Question

A bag contains 2 white marbles, 3 black marbles and 4 red marbles. Find in how many ways, 3 marbles can be drawn, so that at least one black marble is included in each draw?

Answer 1

Answer:

56 ways

Step-by-step explanation:

1 (first has to be black) * 8 (there are 9 total marbles out of which one black has been chosen) * 7 (one more has been chosen) = 56

Answer 2

Answer:

The number of ways are 64.

Step-by-step explanation:

Given : A bag contains 2 white marbles, 3 black marbles and 4 red marbles.

To Find : In how many ways, 3 marbles can be drawn, so that at least one black marble is included in each draw?

Solution :

According to question,

From 2 white marbles, 3 black marbles and 4 red marbles,.

3 marbles are to be selected such that  at least one black ball should be there.

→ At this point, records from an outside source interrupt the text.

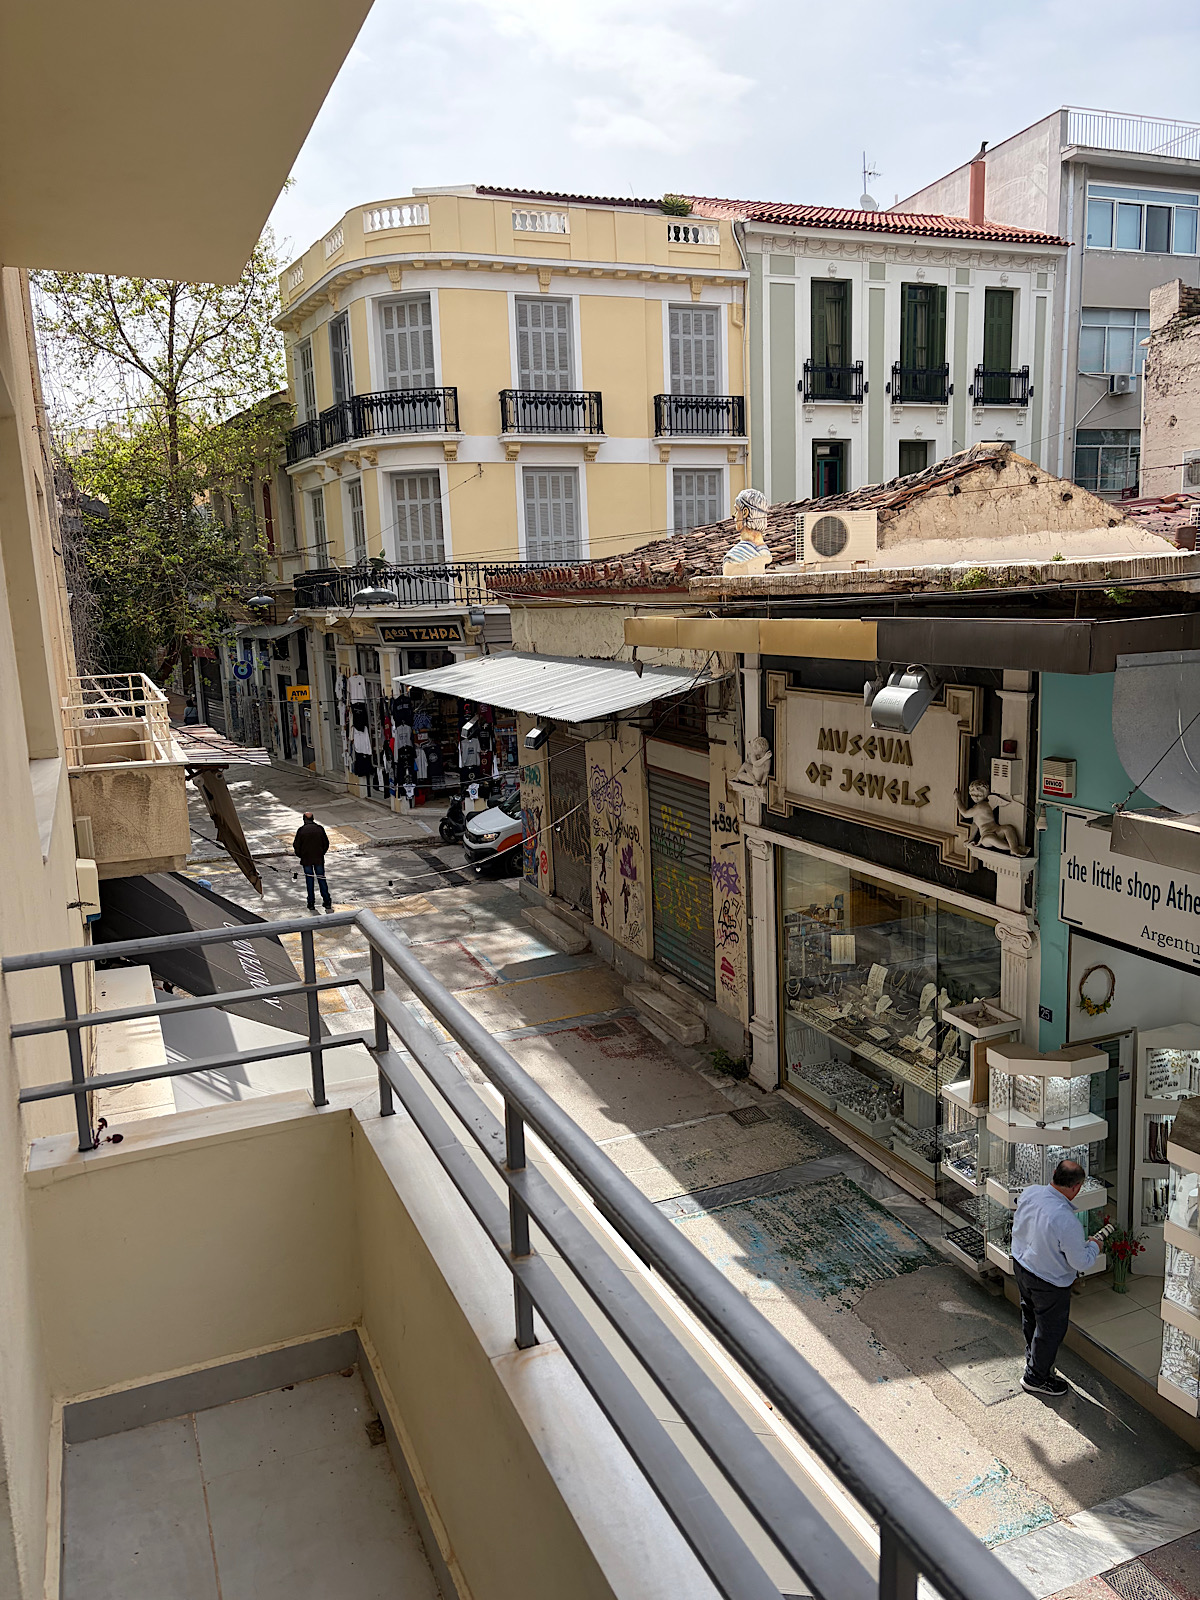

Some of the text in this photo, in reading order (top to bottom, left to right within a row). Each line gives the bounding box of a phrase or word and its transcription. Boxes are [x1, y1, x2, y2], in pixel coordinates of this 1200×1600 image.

[817, 728, 913, 766] MUSEUM
[805, 761, 931, 808] OF JEWELS
[1067, 855, 1200, 916] the little shop Athe
[1140, 925, 1200, 956] Argentu
[1040, 1007, 1050, 1019] 25
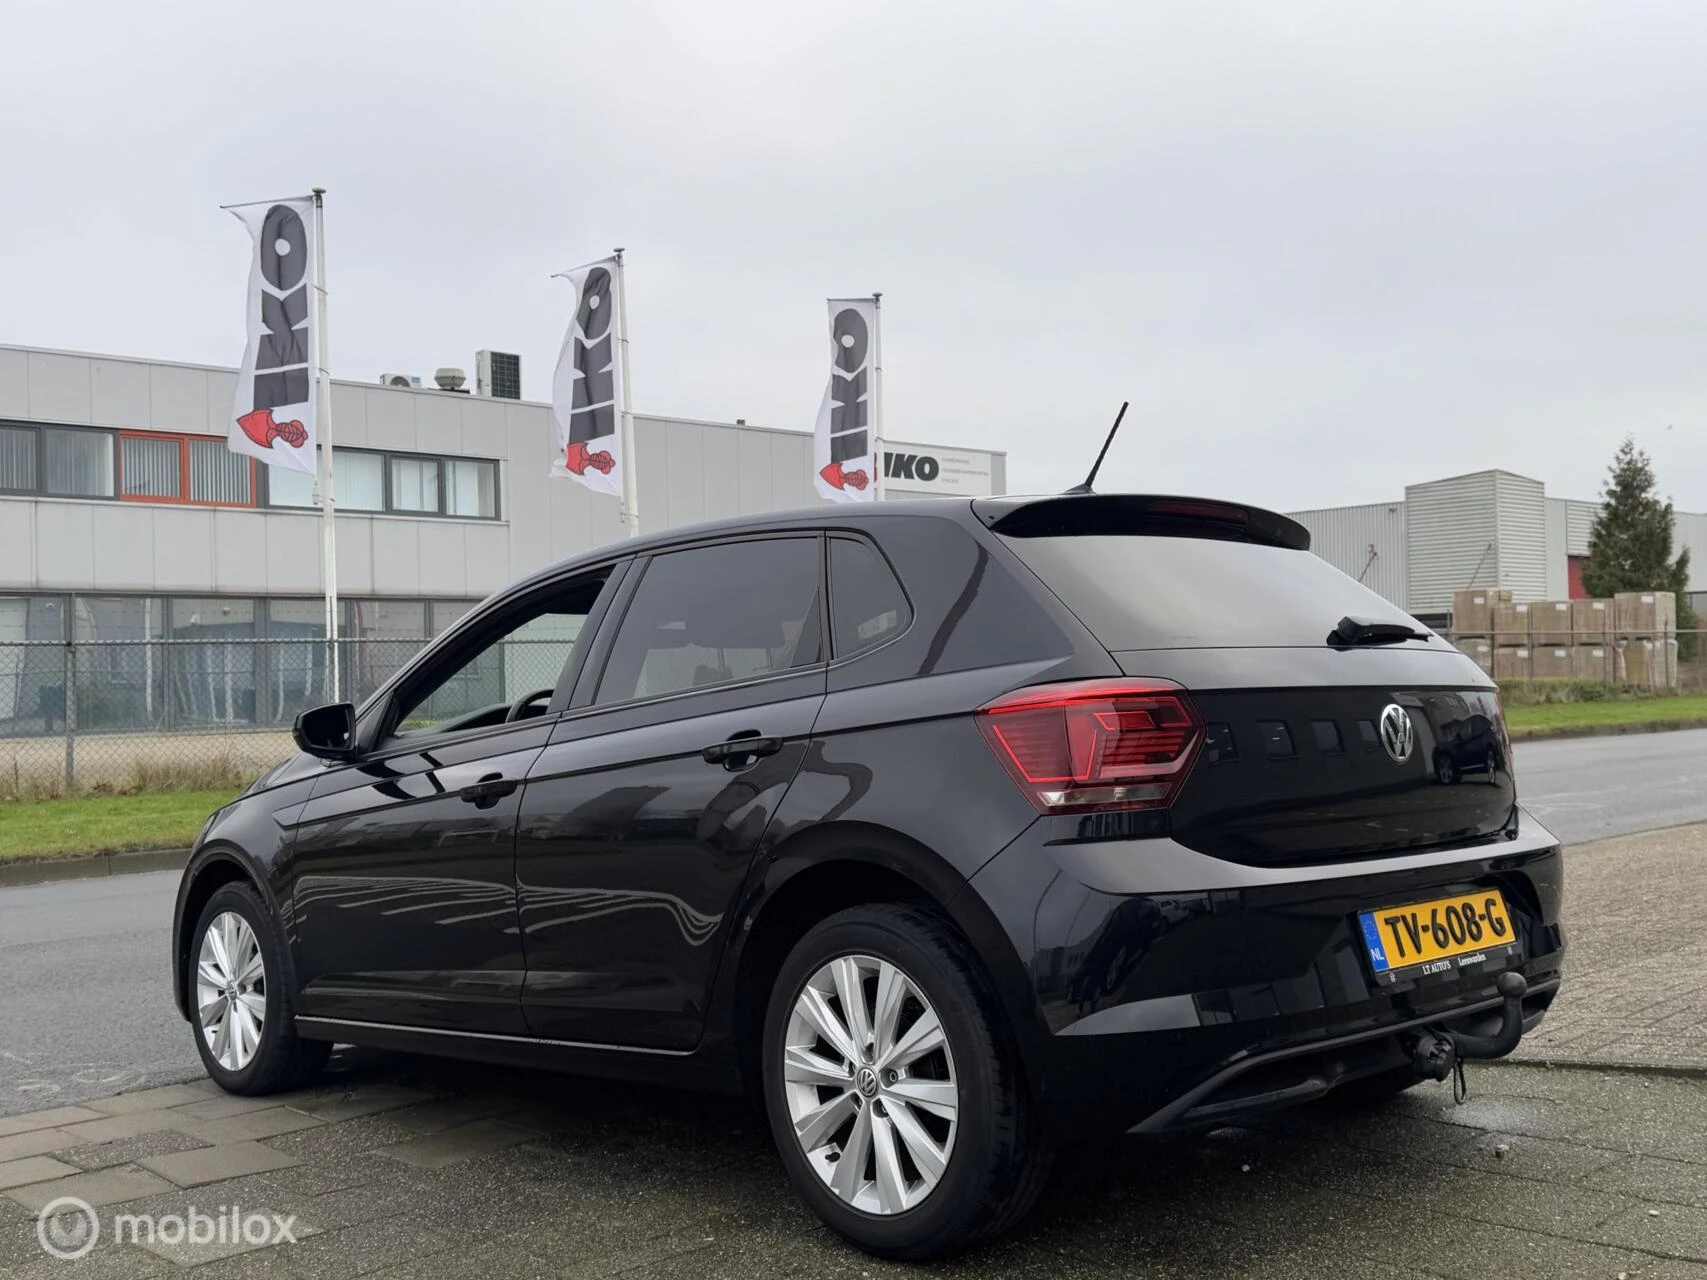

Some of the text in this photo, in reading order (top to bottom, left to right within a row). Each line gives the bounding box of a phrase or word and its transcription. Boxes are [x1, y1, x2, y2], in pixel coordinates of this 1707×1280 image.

[253, 204, 309, 410] IKO
[569, 266, 616, 443] IKO
[830, 308, 869, 464] IKO
[884, 452, 940, 481] IKO
[1370, 948, 1385, 961] NL
[1384, 898, 1507, 958] TV-608-G

So, Number of choices were

All three are black  - $^3C_3$

Two are black and one is non black  - $^3C_2\times ^6C_1$

One is black and two are non black  - $^3C_1\times ^6C_2$

Total number of ways  are

$^3C_3+^3C_2\times ^6C_1+^3C_1\times ^6C_2$

$=1+(3\times6)+(3\times (\frac{6\times5}{2\times1}))$

$=1+18+45$

$=64$

Therefore, The number of ways are 64.